第六話 極悪非道の善人
3:00 sideアビス 海岸
なんとか抜け出せた。いや、起きたらまたミオに絡まれて寝ていた。寝ながらこの体制なんて…
起こさないようにそっと前足をはずし、音を立てずギルドを出てきた。
窓から。
大ジャンプ!そして優雅に音を立てず着水。陸に上がり、毛を乾かす。
(これも、特訓のため!!)
実際はパルダに怒られないため。
とりあえず電気のコントロール。直角に曲げたりUターンさせたり。操れるなら便利だろう。

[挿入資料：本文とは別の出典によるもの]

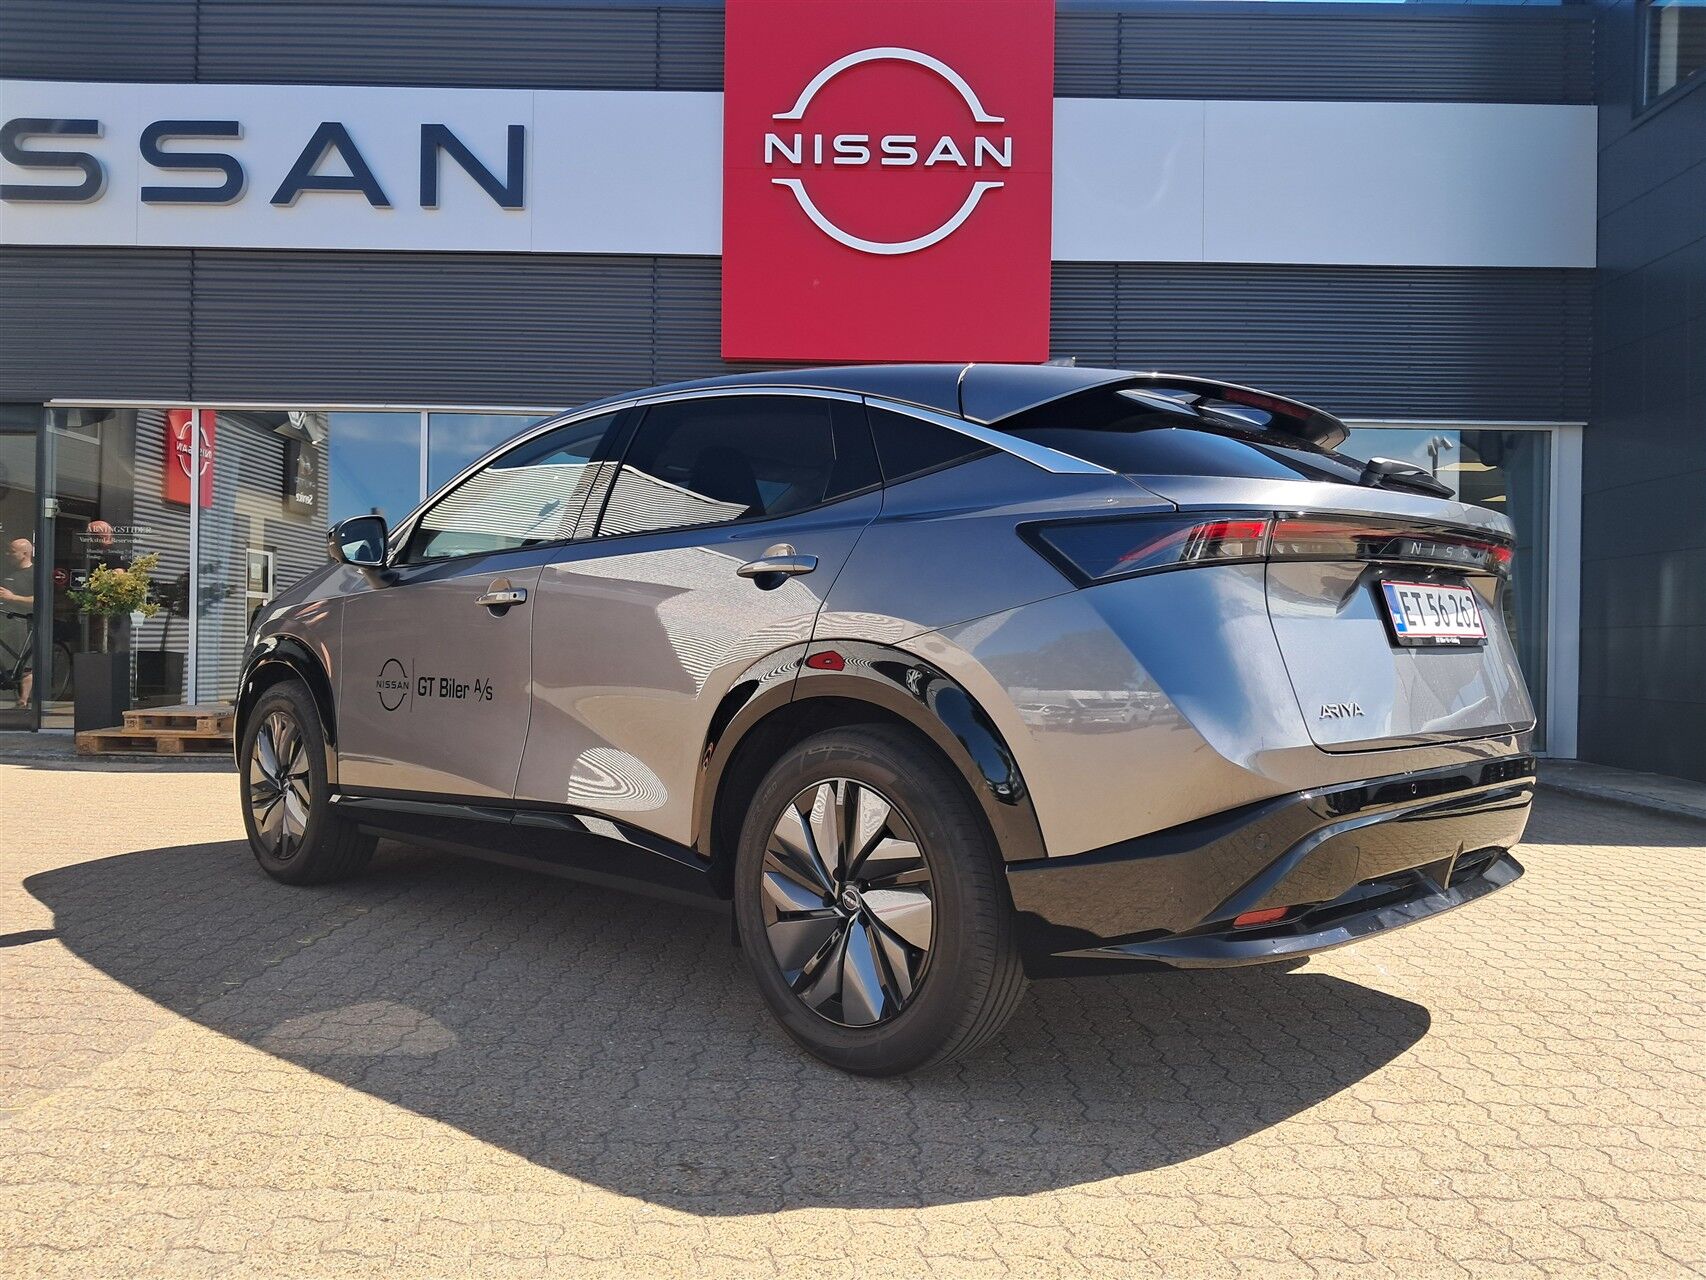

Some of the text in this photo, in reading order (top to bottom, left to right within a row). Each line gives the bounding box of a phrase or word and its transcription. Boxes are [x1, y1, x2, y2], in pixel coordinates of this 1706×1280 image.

試し、実行すること30分、人間の世界で聞いた一文を思い出した。
『電気は体を活性化させる』
試してみる価値はありそうだが、今日はここまでにしておこう。疲れた……
5:00 sideout ギルドB2F
「さあ皆、仕事にかかるよ♪」
パルダの号令で皆が仕事にかかる。
「おい、お前達はこっち」
パルダに呼ばれて《希望の深淵》二人が追いかける。同じ動作でも、考えが間逆だと印象変わる。やる気無しとあり。どっちがどっちか説明するまでも無いだろう。
「お前達には『お尋ねもの』を捕まえて貰う」
B1F、昨日と逆の方にある掲示板の前で、パルダが言い出した。
「ギルドの客を捕まえるんですか」
「いろんな家に訪問して来るんですか」
「ああ、そうd…って、違ーう!!確かに訪ねてくるものだが、意味が違う!」
お訪ねものとお尋ねもの。似てても違う。テストに出るぞ。
「悪いことして指名手配されてる奴等だ。宇宙を破壊しようとする者から、生活に困って10Pほど盗んだ者までいろいろ。この中から、うーむ、ディーザ辺りに選んでもらえ」
今のすさまじく落差のある比喩はいったい…
俺の苦悶には気づかず、パルダは近くにいたビッパを呼んだ。
「じゃ、頼んだぞ♪」
「は、はいでゲス!」
((凄い口調…))
「う、ううっ……」
いきなりディーザが泣き出した。な、なんだなんだ?
「や、やっとあっしにも後輩が…」
感動の涙だった。確かに、後輩が出来るのは嬉しい。そいつが素直だったら尚更。……素直じゃなくて悪かったな。
「「は、はあ…」」
反応に困る後輩二人。そこに「分かります先輩」とか言いながら肩を叩くほど俺たちは出来ていない。
「じゃあ、この中からあっしが選ぶでゲスよ」
先輩風を吹かせたいのだろうな。しかし、決める権利ってないのか?
「あ、あまり怖いのは止めてね…」
震えるミオ。恐がりだからって具現化しなくても…
「わかっているでゲス。その間、準備しててでゲス」
「ああ、わかった」
side アビス トレジャータウン
ここは一度来たから分かる。まずカクレオン商店とガルーラ倉庫に行かないと。銀行にも寄るか。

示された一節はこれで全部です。